At the same time, LLMs are very easy to probe and study. In that way, there could be a whole field of akin to the “biology” of LLMs dedicated to cutting up and running experiments on LLMs in “lab conditions”. The goal would not be intervention (as with interpretability and steering), but merely with understanding how this piece of essentially alien technology works.

(Much of the existing work in this direction goes under the “interpretability” banner, though it is distinct from other interpretability efforts in that it is more concerned with basic science than applications.)

This is an interesting direction with some promise, and one that academia is well suited for. My only concern comes from my intuition that LLMs are going to turn out to be a big computationally irreducible mess about which very little can be said. Just as we can understand how neurons work without understanding how brains work, I would guess that we will be able to understand all the linear algebra, but that there will be no satisfying grand narrative for how LLMs work. In other words, that we fundamentally cannot see the forest for the trees. If we could reduce the behavior of an LLM to something relatively simple and interpretable, then it would probably mean that the LLM isn’t doing anything interesting.

(Incidentally, the fact that LLMs are hard to sparsify may be evidence for this intuition.)

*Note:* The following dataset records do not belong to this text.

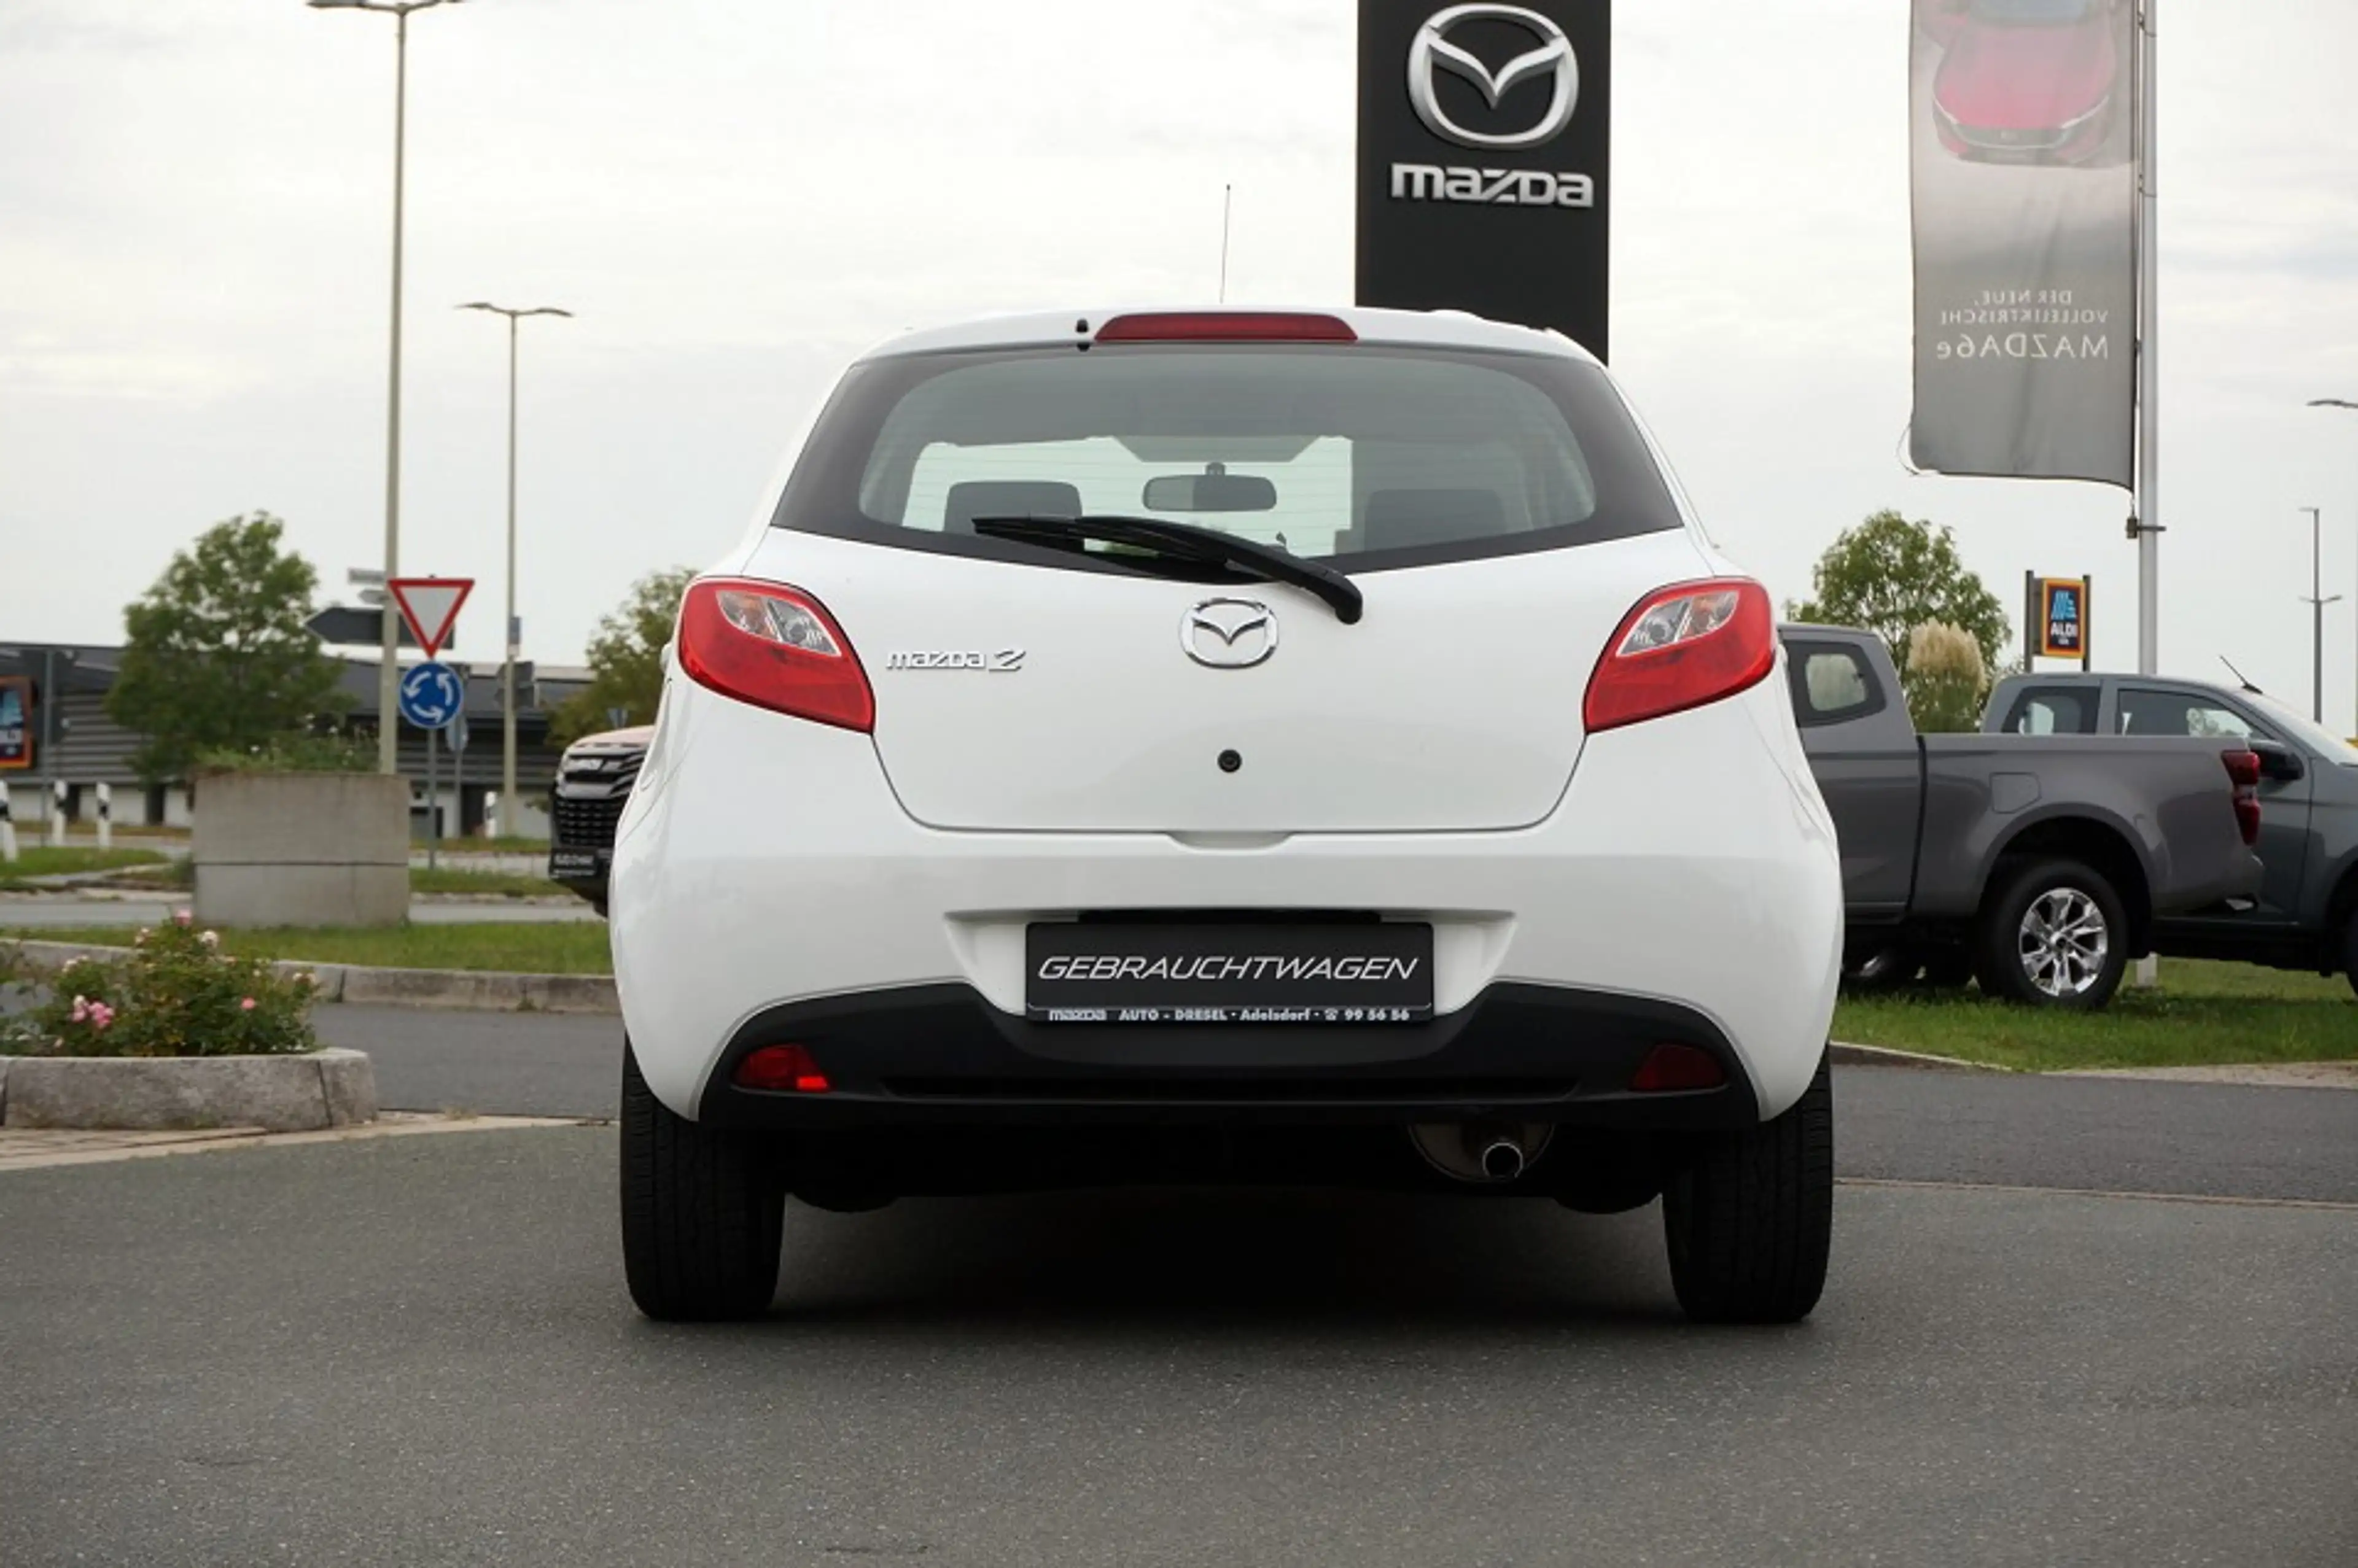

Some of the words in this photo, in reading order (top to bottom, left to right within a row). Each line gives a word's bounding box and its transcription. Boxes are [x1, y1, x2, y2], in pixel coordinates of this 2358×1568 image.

[2050, 621, 2078, 637] ALDI
[988, 648, 1026, 673] 2
[1038, 956, 1419, 980] GEBRAUCHTWAGEN
[1118, 1008, 1159, 1021] AUTO
[1174, 1008, 1228, 1021] DRESEL
[1239, 1007, 1310, 1021] Adelsdorf
[1345, 1009, 1363, 1021] 99

There is interesting academic work to be done here, but the results will likely be as vague (and perhaps unsatisfying) as results from neuroscience.

Applications of LLMs

There are endless (often interdisciplinary) applications of LLMs across academia. There are lots of previously hard problems that have now become easy, as well as numerous problems that nobody ever thought of because the tools didn’t exist. Now that they do exist, researchers from across disciplines should start adopting LLMs just as they have been adopting computers.

Many of these applications come from making textual data computable. Previously, it was difficult to work with textual data beyond a superficial level. LLMs have changed this, opening up vast new datasets for study, as well as adding primitives for researching non-numerical data.

Conclusion

The most exciting direction for LLM work in academia will be in applications, and some study of how/why LLMs work. Many of the other prominent directions (particularly those that focus on LLM development) are either competing with industry in a way that will be painful and fruitless, going after solved problems, or don’t make much sense philosophically.